Through to the final line, write out the records below exactly, omitting any images they contain.

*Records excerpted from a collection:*

--- START ---

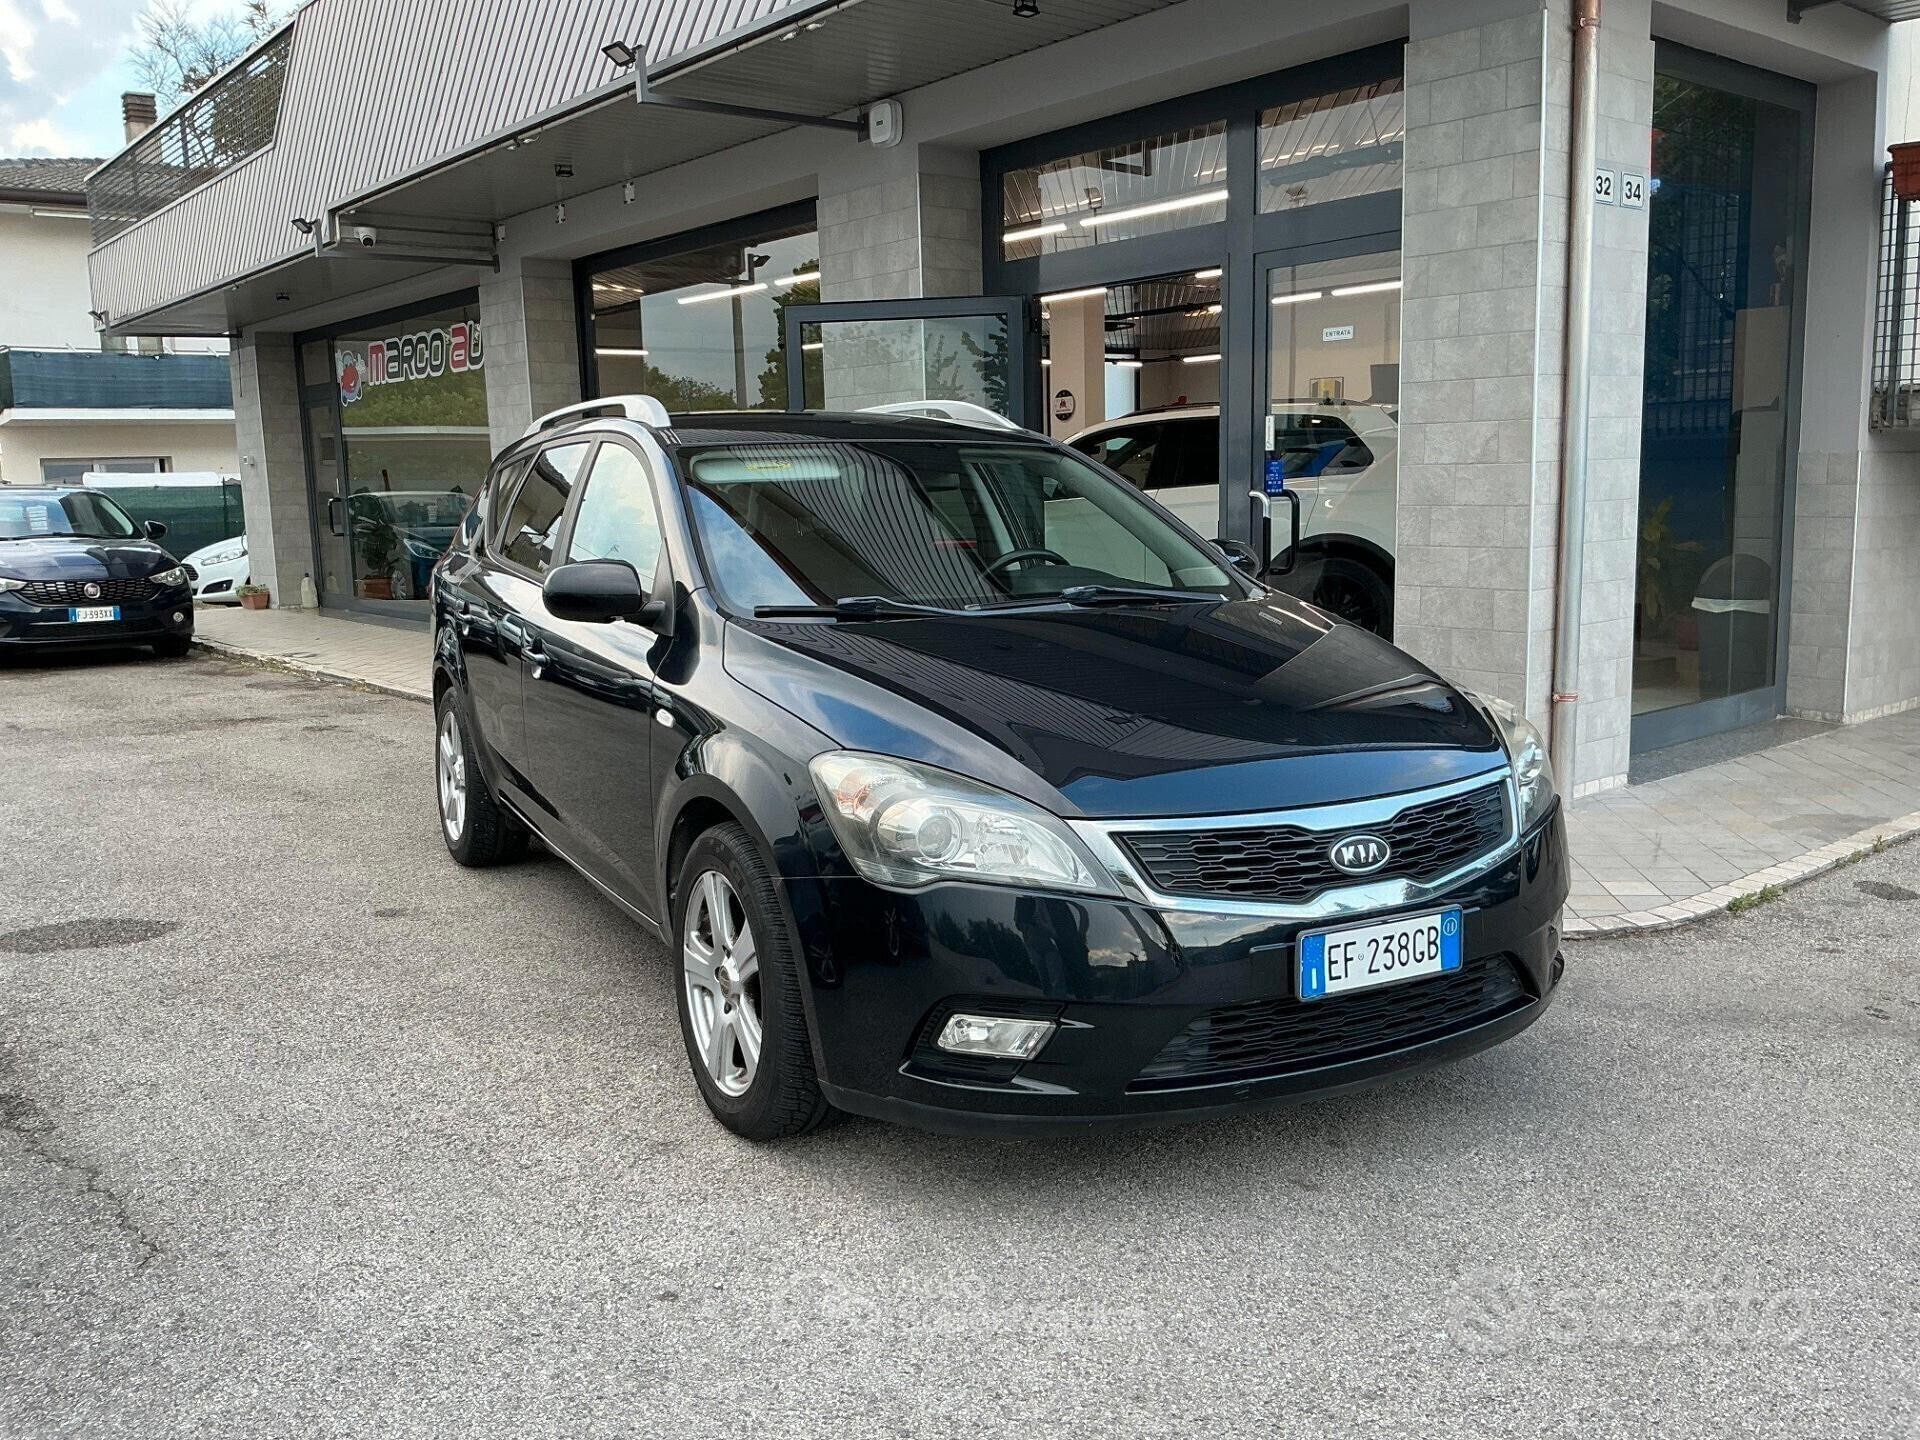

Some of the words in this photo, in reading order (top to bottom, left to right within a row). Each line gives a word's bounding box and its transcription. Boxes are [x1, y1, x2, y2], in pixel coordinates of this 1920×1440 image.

[1595, 175, 1611, 196] 32
[1625, 180, 1641, 201] 34
[1325, 329, 1351, 338] ENTRATA
[1340, 842, 1383, 866] KIA
[1328, 941, 1357, 982] EF
[1367, 926, 1439, 974] 238GB

--- END ---

*EXERCISE ANSWER:*
Some of the words in this photo, in reading order (top to bottom, left to right within a row). Each line gives a word's bounding box and its transcription. Boxes are [x1, y1, x2, y2], in pixel coordinates of this 1920×1440 image.

[1595, 175, 1611, 196] 32
[1625, 180, 1641, 201] 34
[1325, 329, 1351, 338] ENTRATA
[1340, 842, 1383, 866] KIA
[1328, 941, 1357, 982] EF
[1367, 926, 1439, 974] 238GB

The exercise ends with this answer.